All the data should be repeated exactly. Any image in it is left out.

==========

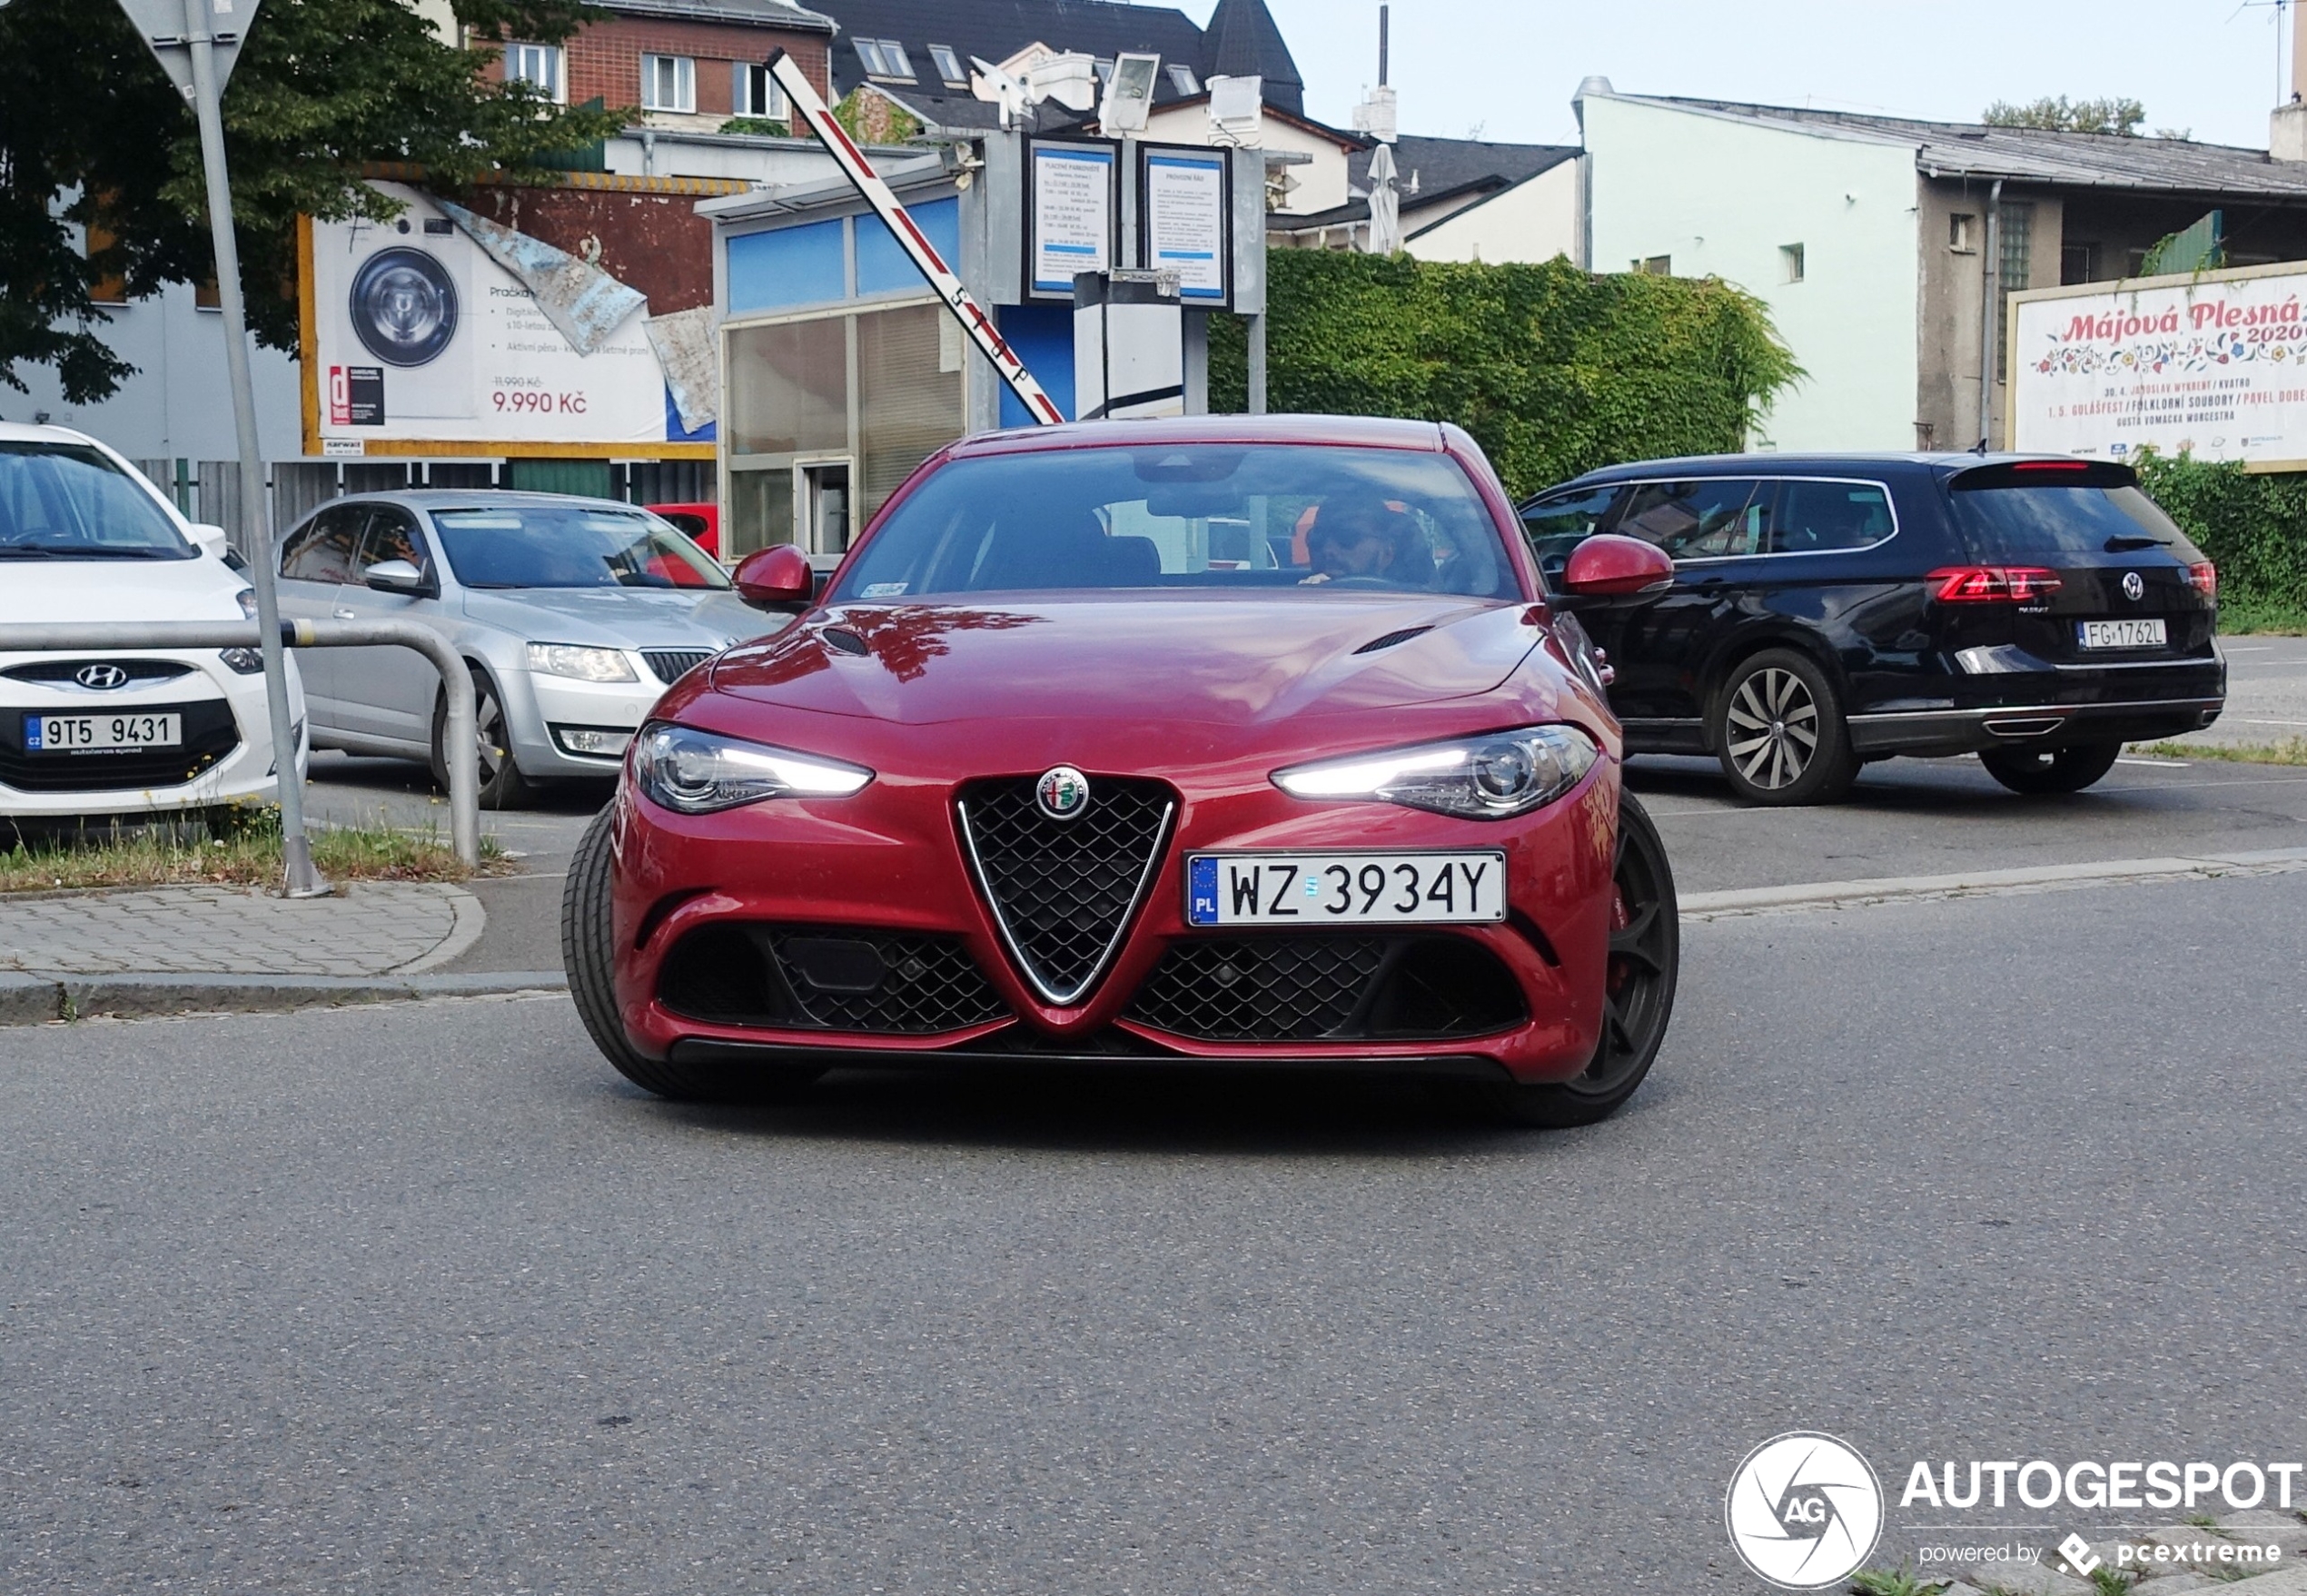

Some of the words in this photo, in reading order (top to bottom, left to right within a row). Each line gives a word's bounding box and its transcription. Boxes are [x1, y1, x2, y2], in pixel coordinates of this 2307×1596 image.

[490, 286, 530, 298] Pračka
[2061, 303, 2179, 346] Májová
[2186, 293, 2300, 330] Plesná
[950, 286, 1029, 382] STOP
[2247, 324, 2303, 343] 2020
[506, 342, 536, 352] Aktivní
[527, 377, 542, 388] Kč
[2131, 383, 2171, 395] JAROSLAV
[2219, 377, 2251, 389] KVATRO
[492, 392, 552, 412] 9.990
[559, 391, 588, 413] Kč
[2072, 400, 2123, 416] GULÁŠFEST
[2132, 394, 2184, 412] FOLKLORNÍ
[2188, 393, 2233, 408] SOUBORY
[2243, 391, 2273, 405] PAVEL
[2279, 389, 2307, 402] DOBE
[2089, 622, 2111, 645] FG
[2117, 621, 2163, 645] 1762L
[48, 719, 93, 745] 9T5
[112, 717, 168, 743] 9431
[28, 737, 41, 747] CZ
[1231, 864, 1299, 916] WZ
[1323, 862, 1488, 915] 3934Y
[1195, 897, 1215, 913] PL
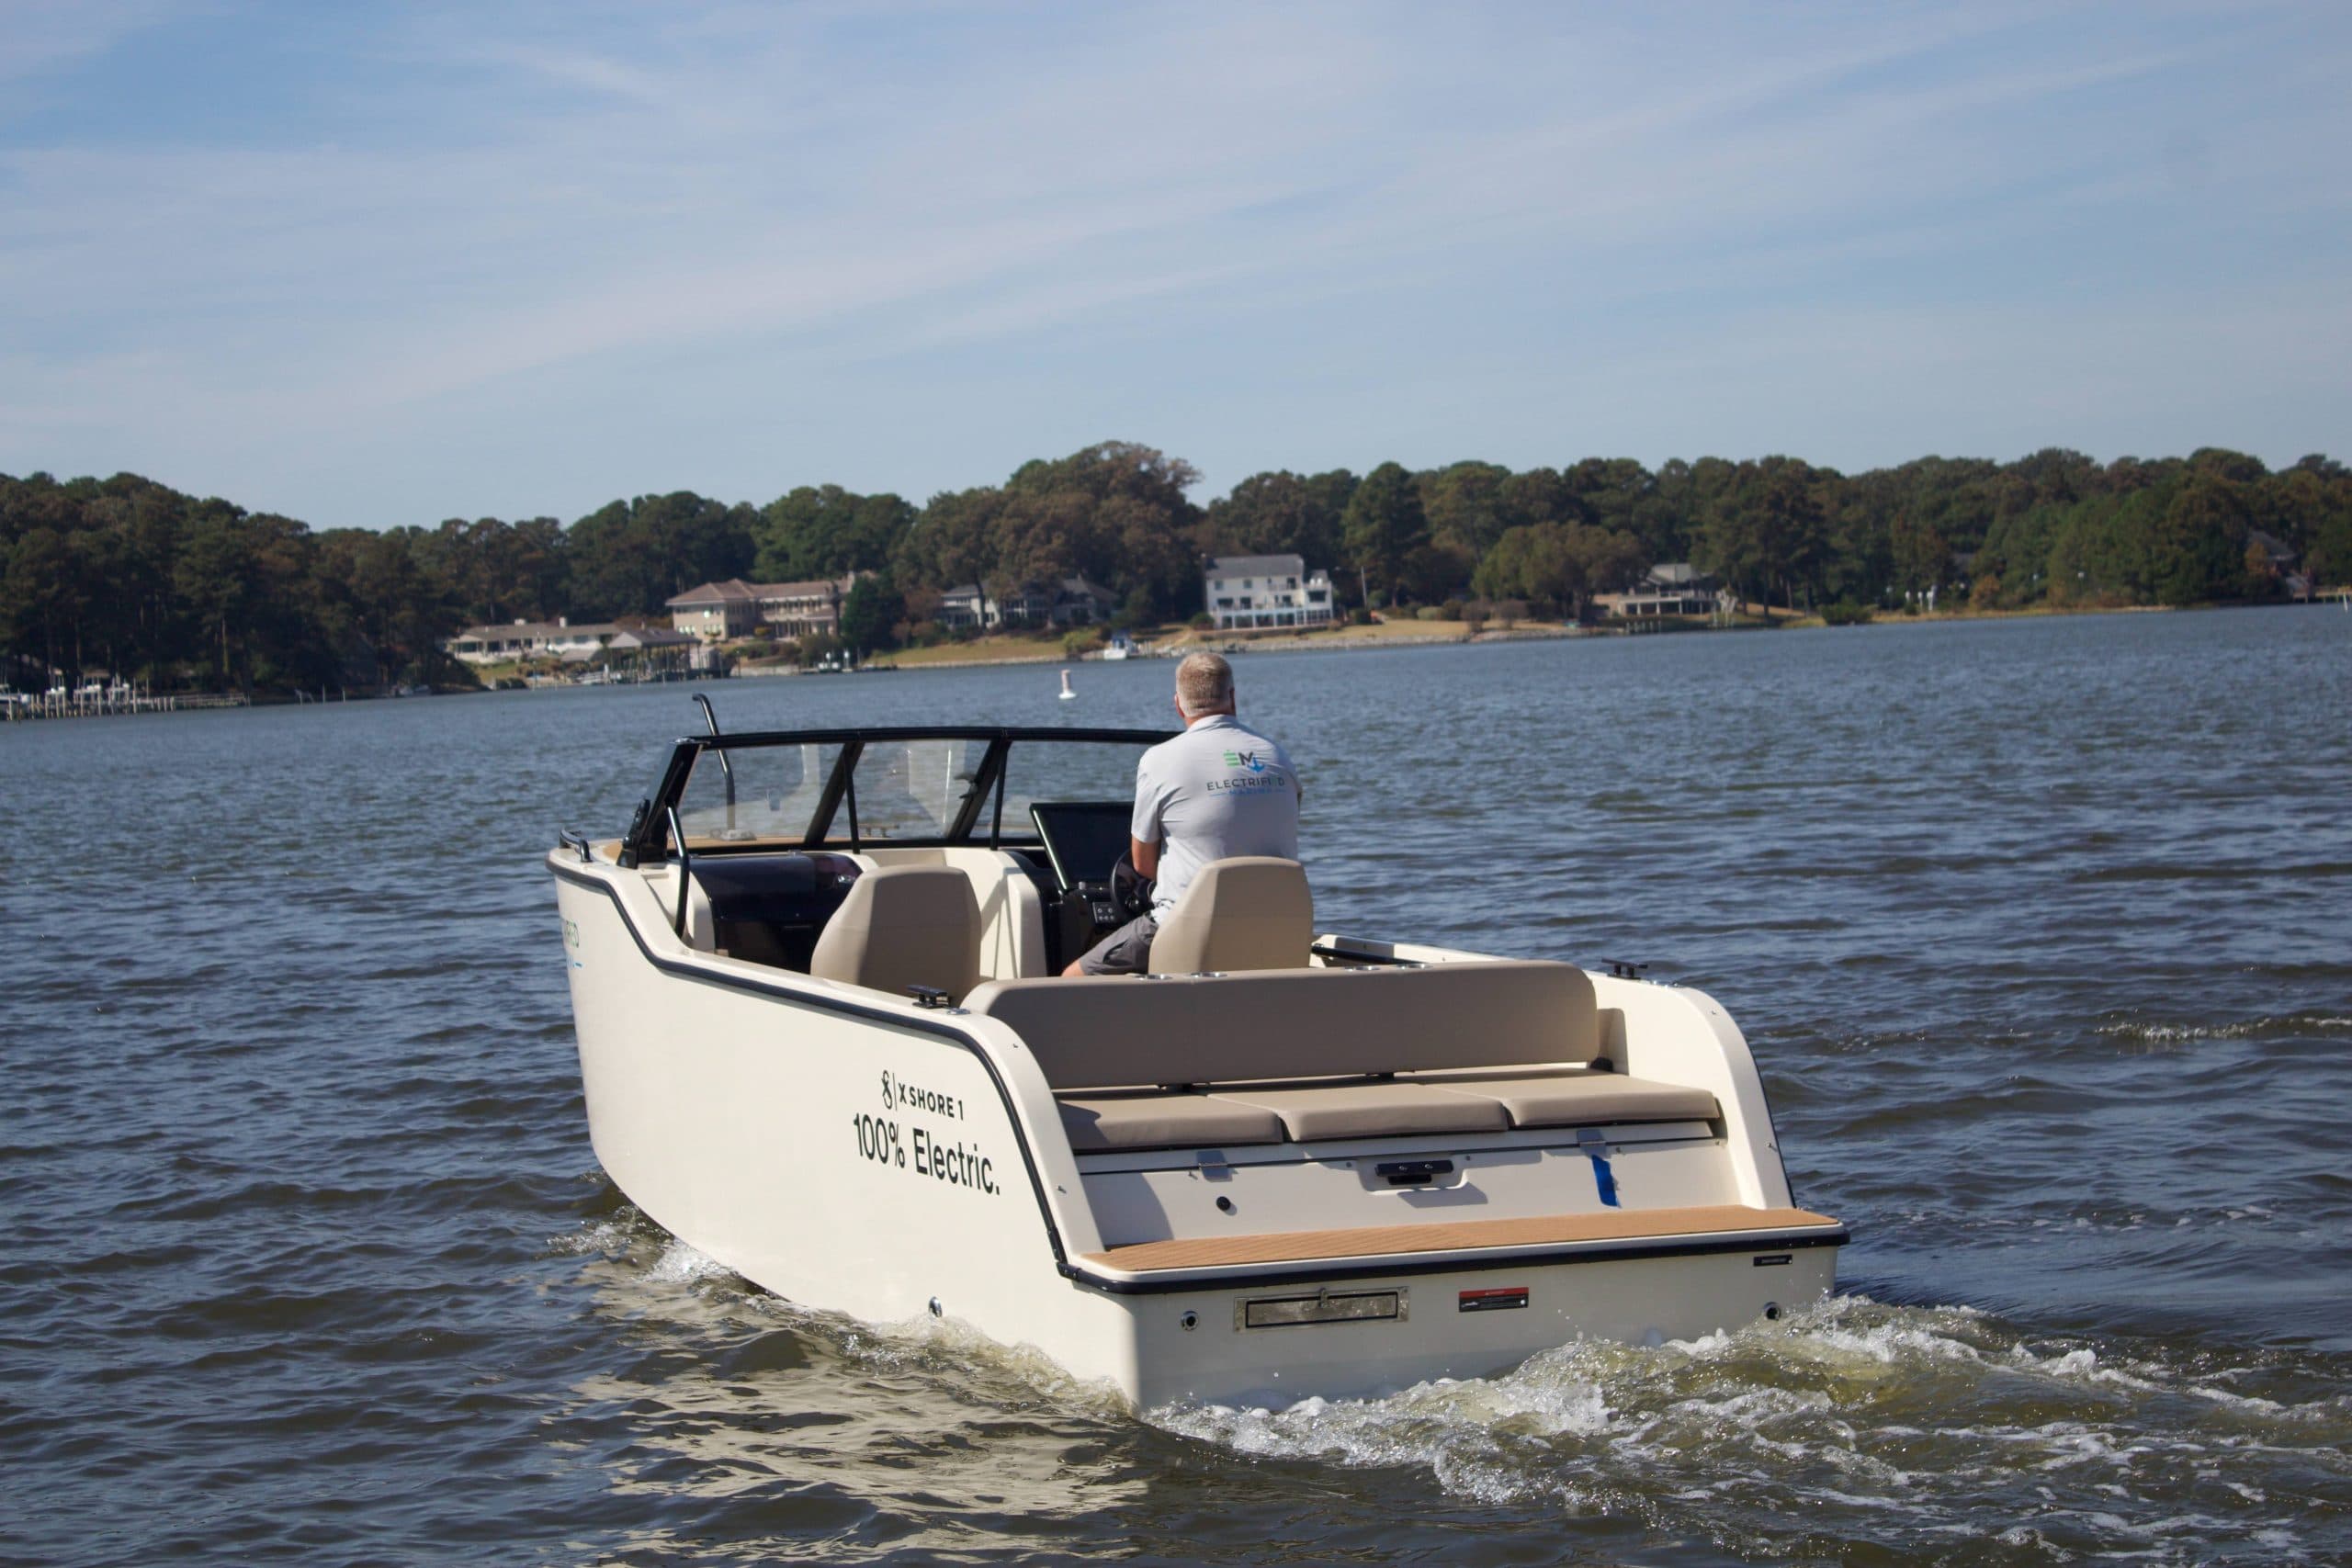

==========

* _FINAL ANSWER_
Some of the words in this photo, in reading order (top to bottom, left to right within a row). Each line gives a word's bounding box and its transcription. Boxes are [x1, y1, x2, y2], in pixel coordinates of this 2307×1596 image.

[490, 286, 530, 298] Pračka
[2061, 303, 2179, 346] Májová
[2186, 293, 2300, 330] Plesná
[950, 286, 1029, 382] STOP
[2247, 324, 2303, 343] 2020
[506, 342, 536, 352] Aktivní
[527, 377, 542, 388] Kč
[2131, 383, 2171, 395] JAROSLAV
[2219, 377, 2251, 389] KVATRO
[492, 392, 552, 412] 9.990
[559, 391, 588, 413] Kč
[2072, 400, 2123, 416] GULÁŠFEST
[2132, 394, 2184, 412] FOLKLORNÍ
[2188, 393, 2233, 408] SOUBORY
[2243, 391, 2273, 405] PAVEL
[2279, 389, 2307, 402] DOBE
[2089, 622, 2111, 645] FG
[2117, 621, 2163, 645] 1762L
[48, 719, 93, 745] 9T5
[112, 717, 168, 743] 9431
[28, 737, 41, 747] CZ
[1231, 864, 1299, 916] WZ
[1323, 862, 1488, 915] 3934Y
[1195, 897, 1215, 913] PL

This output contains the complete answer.